→ **EXERCISE DIRECTIONS**
If an entry holds a picture, drop the picture and restate the rest word for word.

→ **LISTED RECORDS**
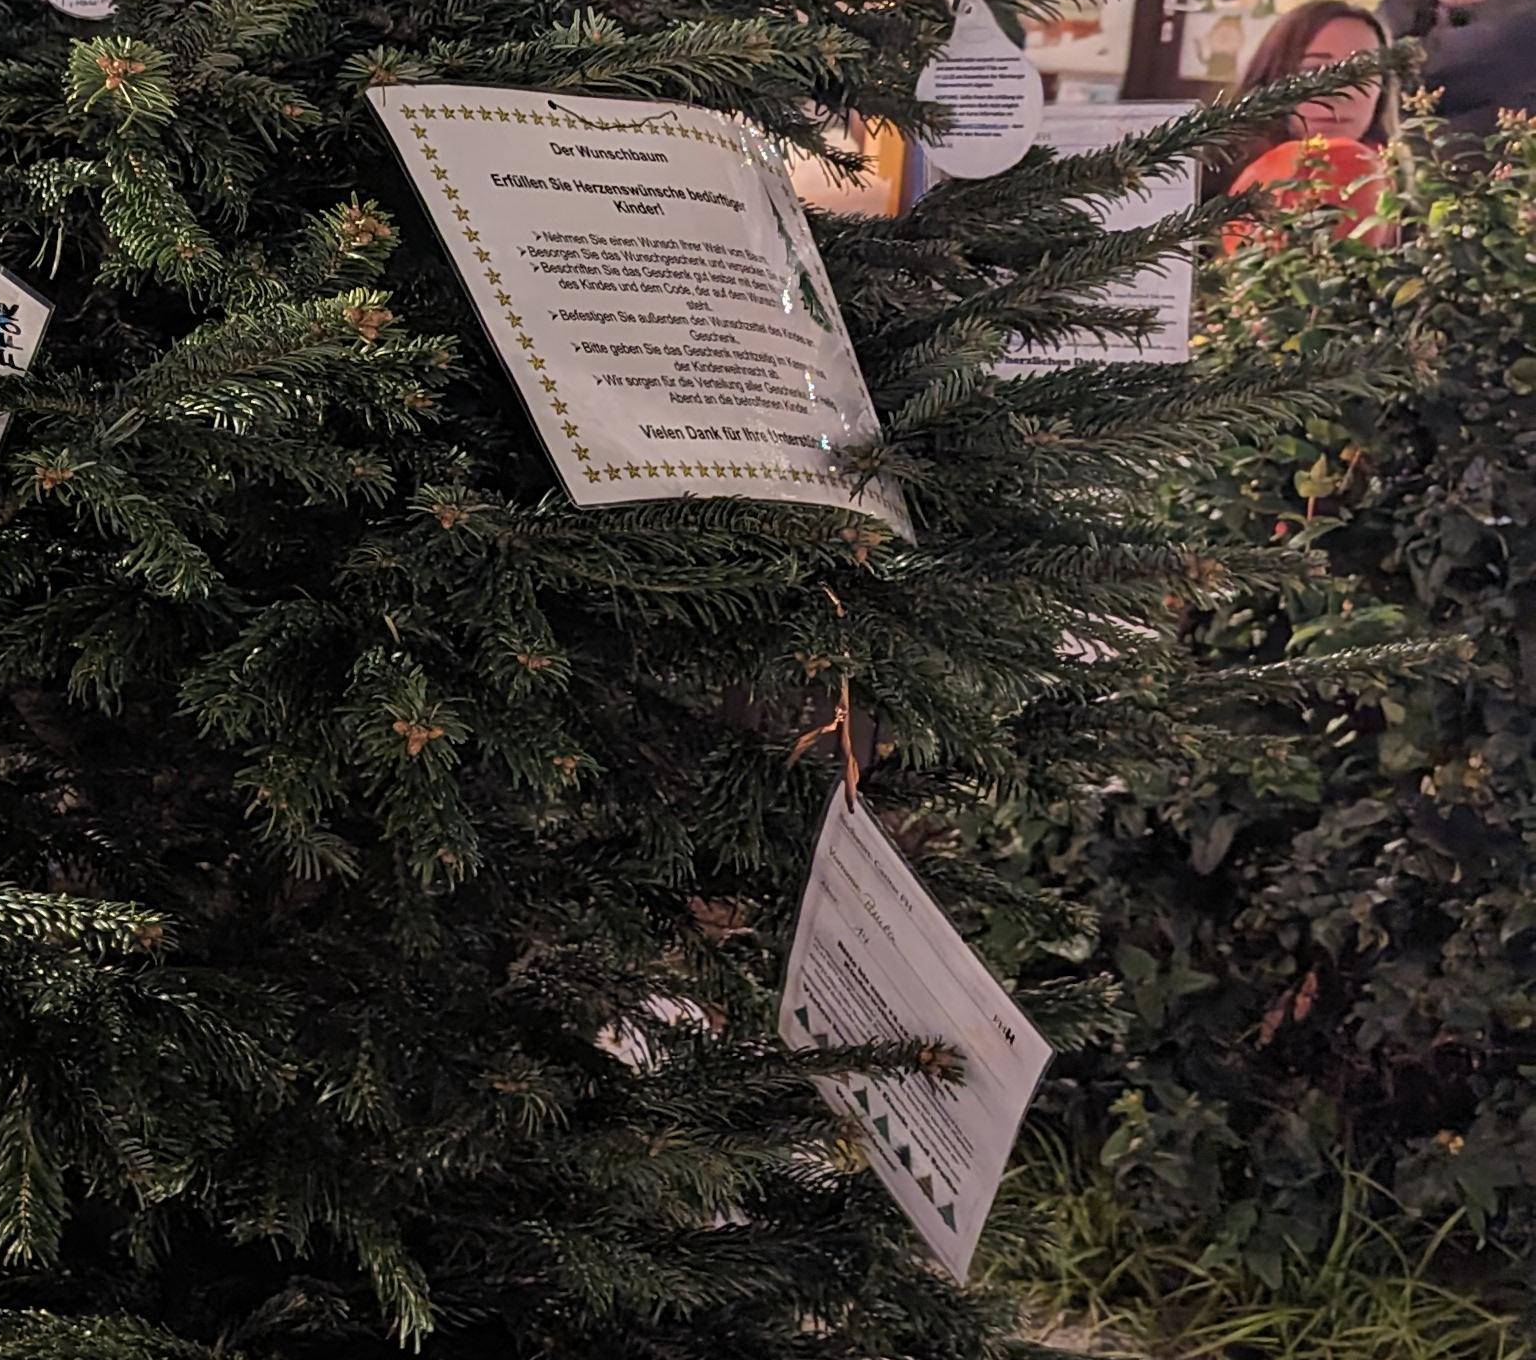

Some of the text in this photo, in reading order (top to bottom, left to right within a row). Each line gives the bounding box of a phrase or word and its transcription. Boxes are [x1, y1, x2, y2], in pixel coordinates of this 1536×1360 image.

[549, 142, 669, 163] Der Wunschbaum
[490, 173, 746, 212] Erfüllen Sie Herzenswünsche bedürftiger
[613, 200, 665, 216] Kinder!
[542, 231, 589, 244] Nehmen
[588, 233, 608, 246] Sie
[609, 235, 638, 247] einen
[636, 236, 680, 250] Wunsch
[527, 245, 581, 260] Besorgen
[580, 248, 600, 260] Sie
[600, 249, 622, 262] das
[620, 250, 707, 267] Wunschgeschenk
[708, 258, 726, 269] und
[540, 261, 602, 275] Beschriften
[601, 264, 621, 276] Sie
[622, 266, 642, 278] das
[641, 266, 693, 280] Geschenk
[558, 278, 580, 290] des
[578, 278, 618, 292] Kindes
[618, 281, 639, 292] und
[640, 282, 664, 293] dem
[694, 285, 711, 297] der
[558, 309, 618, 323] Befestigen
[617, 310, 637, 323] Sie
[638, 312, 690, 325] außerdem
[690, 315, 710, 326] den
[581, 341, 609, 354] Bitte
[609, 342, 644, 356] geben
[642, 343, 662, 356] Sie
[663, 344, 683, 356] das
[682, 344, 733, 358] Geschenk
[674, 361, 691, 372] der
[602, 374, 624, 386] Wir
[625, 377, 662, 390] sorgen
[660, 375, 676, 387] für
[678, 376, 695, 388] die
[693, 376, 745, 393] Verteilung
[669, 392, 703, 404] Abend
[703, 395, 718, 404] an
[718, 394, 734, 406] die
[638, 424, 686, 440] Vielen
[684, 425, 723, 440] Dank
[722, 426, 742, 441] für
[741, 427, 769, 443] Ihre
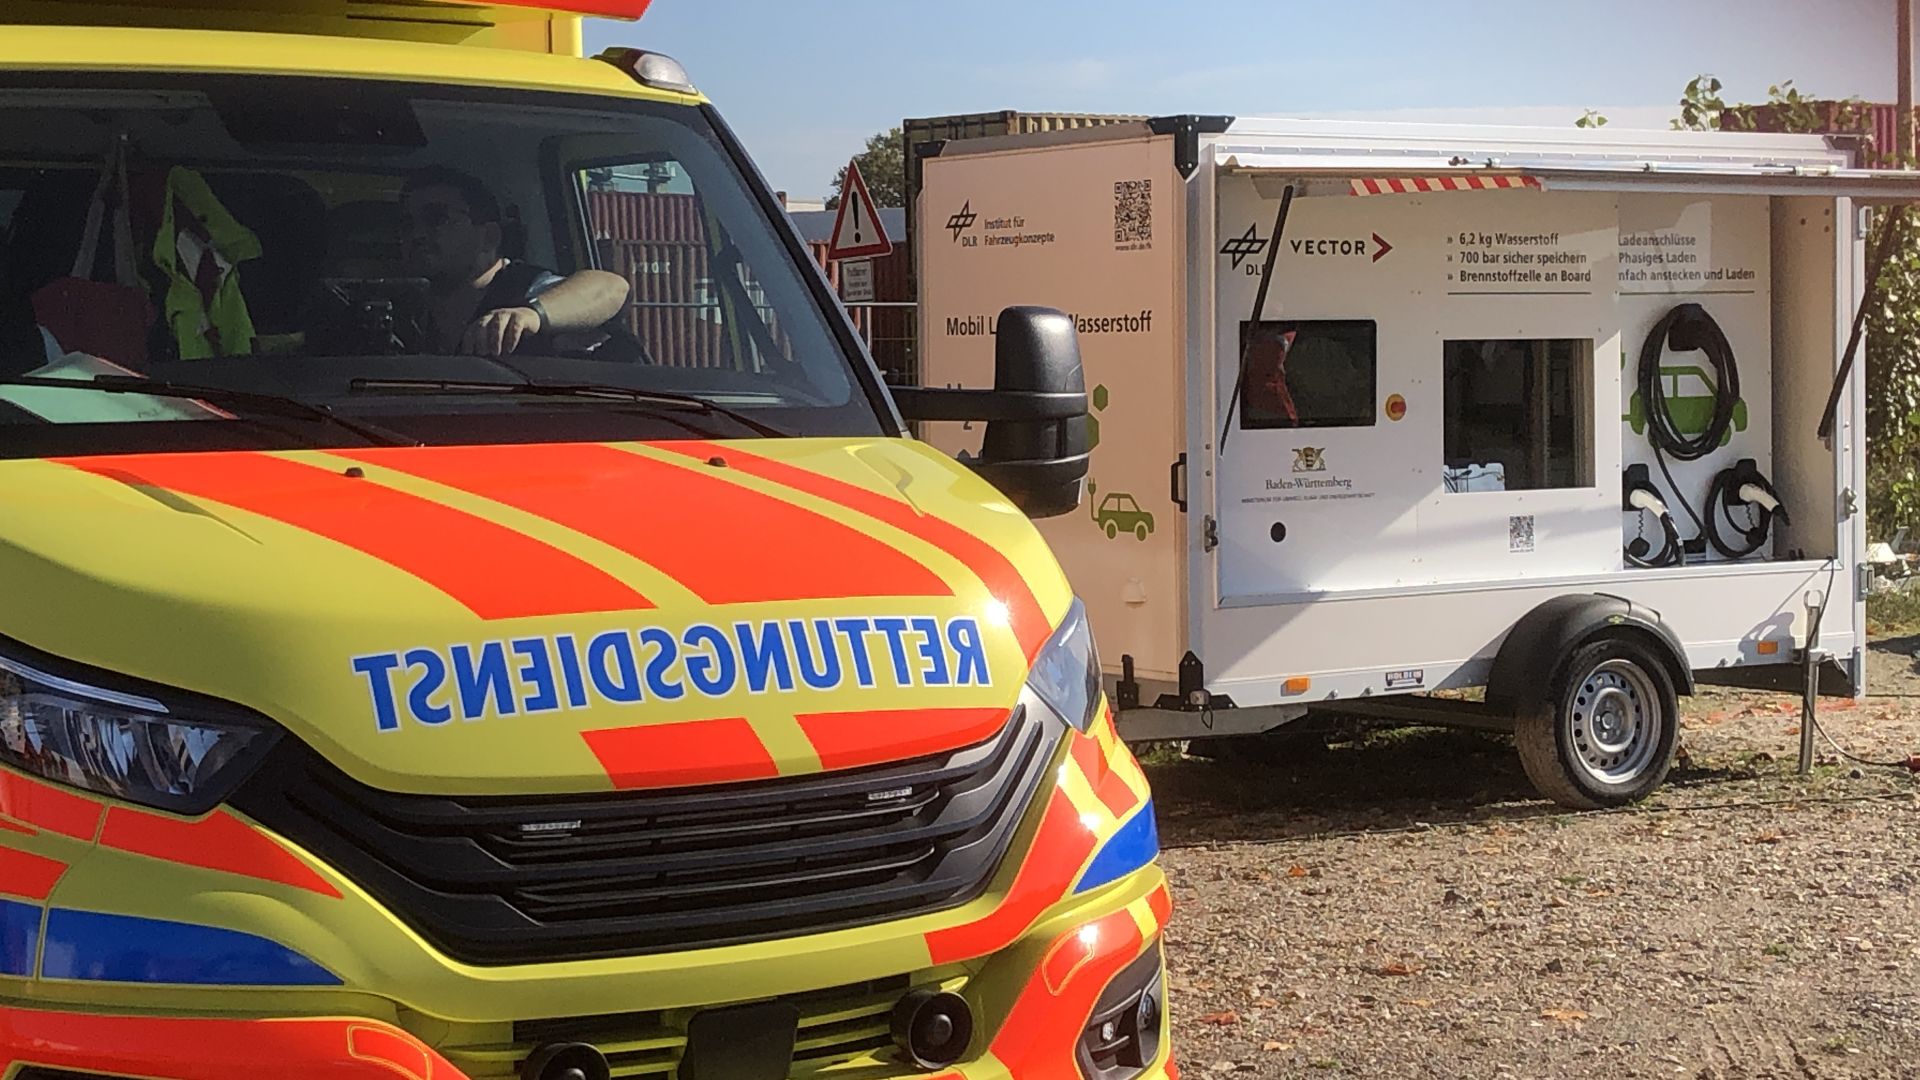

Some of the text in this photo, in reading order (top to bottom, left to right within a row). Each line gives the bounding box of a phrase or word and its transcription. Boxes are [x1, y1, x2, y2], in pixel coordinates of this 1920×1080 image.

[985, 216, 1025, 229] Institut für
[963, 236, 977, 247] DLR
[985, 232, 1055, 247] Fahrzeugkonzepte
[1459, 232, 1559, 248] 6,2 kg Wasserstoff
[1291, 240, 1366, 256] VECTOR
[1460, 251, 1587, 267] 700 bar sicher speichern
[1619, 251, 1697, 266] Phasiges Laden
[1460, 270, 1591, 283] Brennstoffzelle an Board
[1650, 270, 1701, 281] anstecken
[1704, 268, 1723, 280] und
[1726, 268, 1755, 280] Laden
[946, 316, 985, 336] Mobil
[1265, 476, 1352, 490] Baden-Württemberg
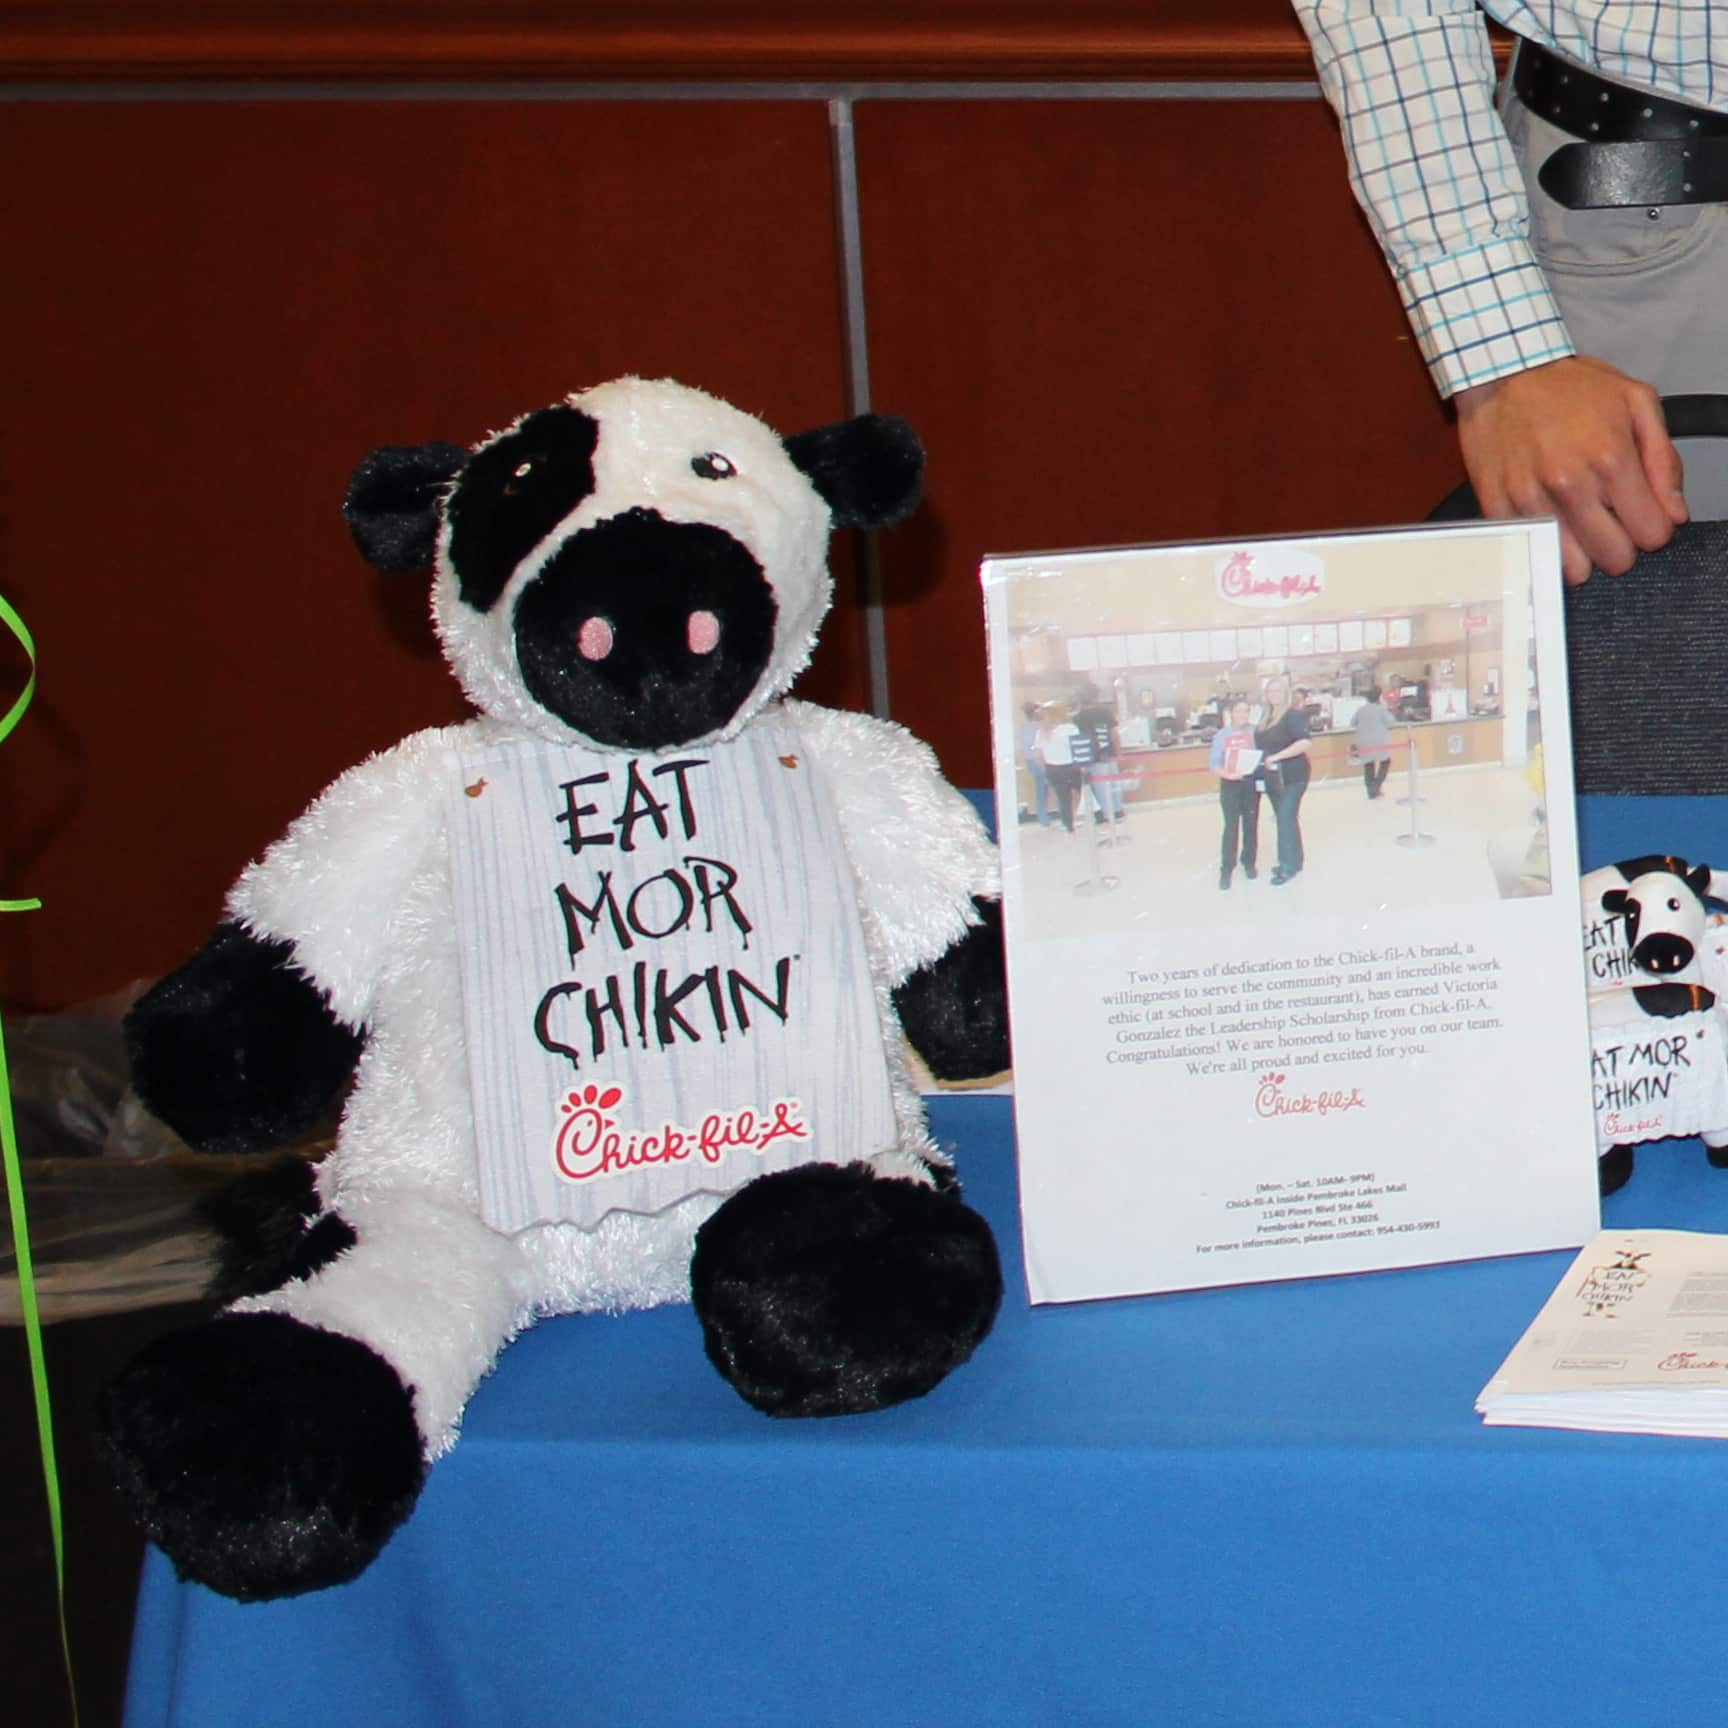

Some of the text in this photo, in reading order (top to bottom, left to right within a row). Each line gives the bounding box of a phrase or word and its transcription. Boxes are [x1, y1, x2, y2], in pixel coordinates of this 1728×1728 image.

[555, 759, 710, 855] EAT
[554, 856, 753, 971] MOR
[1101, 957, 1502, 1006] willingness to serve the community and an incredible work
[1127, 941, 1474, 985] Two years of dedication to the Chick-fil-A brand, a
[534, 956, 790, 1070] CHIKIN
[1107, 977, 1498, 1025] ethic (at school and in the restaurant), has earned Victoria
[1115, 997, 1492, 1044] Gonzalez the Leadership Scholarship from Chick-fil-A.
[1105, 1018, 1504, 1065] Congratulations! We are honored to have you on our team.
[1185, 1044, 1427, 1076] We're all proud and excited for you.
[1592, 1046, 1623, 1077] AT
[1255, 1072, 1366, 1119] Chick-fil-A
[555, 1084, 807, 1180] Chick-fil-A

→ **WRITTEN ANSWER**
Some of the text in this photo, in reading order (top to bottom, left to right within a row). Each line gives the bounding box of a phrase or word and its transcription. Boxes are [x1, y1, x2, y2], in pixel coordinates of this 1536×1360 image.

[549, 142, 669, 163] Der Wunschbaum
[490, 173, 746, 212] Erfüllen Sie Herzenswünsche bedürftiger
[613, 200, 665, 216] Kinder!
[542, 231, 589, 244] Nehmen
[588, 233, 608, 246] Sie
[609, 235, 638, 247] einen
[636, 236, 680, 250] Wunsch
[527, 245, 581, 260] Besorgen
[580, 248, 600, 260] Sie
[600, 249, 622, 262] das
[620, 250, 707, 267] Wunschgeschenk
[708, 258, 726, 269] und
[540, 261, 602, 275] Beschriften
[601, 264, 621, 276] Sie
[622, 266, 642, 278] das
[641, 266, 693, 280] Geschenk
[558, 278, 580, 290] des
[578, 278, 618, 292] Kindes
[618, 281, 639, 292] und
[640, 282, 664, 293] dem
[694, 285, 711, 297] der
[558, 309, 618, 323] Befestigen
[617, 310, 637, 323] Sie
[638, 312, 690, 325] außerdem
[690, 315, 710, 326] den
[581, 341, 609, 354] Bitte
[609, 342, 644, 356] geben
[642, 343, 662, 356] Sie
[663, 344, 683, 356] das
[682, 344, 733, 358] Geschenk
[674, 361, 691, 372] der
[602, 374, 624, 386] Wir
[625, 377, 662, 390] sorgen
[660, 375, 676, 387] für
[678, 376, 695, 388] die
[693, 376, 745, 393] Verteilung
[669, 392, 703, 404] Abend
[703, 395, 718, 404] an
[718, 394, 734, 406] die
[638, 424, 686, 440] Vielen
[684, 425, 723, 440] Dank
[722, 426, 742, 441] für
[741, 427, 769, 443] Ihre

Some of the text in this photo, in reading order (top to bottom, left to right within a row). Each line gives the bounding box of a phrase or word and its transcription. Boxes are [x1, y1, x2, y2], in pixel coordinates of this 1920×1080 image.

[985, 216, 1025, 229] Institut für
[963, 236, 977, 247] DLR
[985, 232, 1055, 247] Fahrzeugkonzepte
[1459, 232, 1559, 248] 6,2 kg Wasserstoff
[1291, 240, 1366, 256] VECTOR
[1460, 251, 1587, 267] 700 bar sicher speichern
[1619, 251, 1697, 266] Phasiges Laden
[1460, 270, 1591, 283] Brennstoffzelle an Board
[1650, 270, 1701, 281] anstecken
[1704, 268, 1723, 280] und
[1726, 268, 1755, 280] Laden
[946, 316, 985, 336] Mobil
[1265, 476, 1352, 490] Baden-Württemberg

Some of the text in this photo, in reading order (top to bottom, left to right within a row). Each line gives the bounding box of a phrase or word and its transcription. Boxes are [x1, y1, x2, y2], in pixel coordinates of this 1728×1728 image.

[555, 759, 710, 855] EAT
[554, 856, 753, 971] MOR
[1101, 957, 1502, 1006] willingness to serve the community and an incredible work
[1127, 941, 1474, 985] Two years of dedication to the Chick-fil-A brand, a
[534, 956, 790, 1070] CHIKIN
[1107, 977, 1498, 1025] ethic (at school and in the restaurant), has earned Victoria
[1115, 997, 1492, 1044] Gonzalez the Leadership Scholarship from Chick-fil-A.
[1105, 1018, 1504, 1065] Congratulations! We are honored to have you on our team.
[1185, 1044, 1427, 1076] We're all proud and excited for you.
[1592, 1046, 1623, 1077] AT
[1255, 1072, 1366, 1119] Chick-fil-A
[555, 1084, 807, 1180] Chick-fil-A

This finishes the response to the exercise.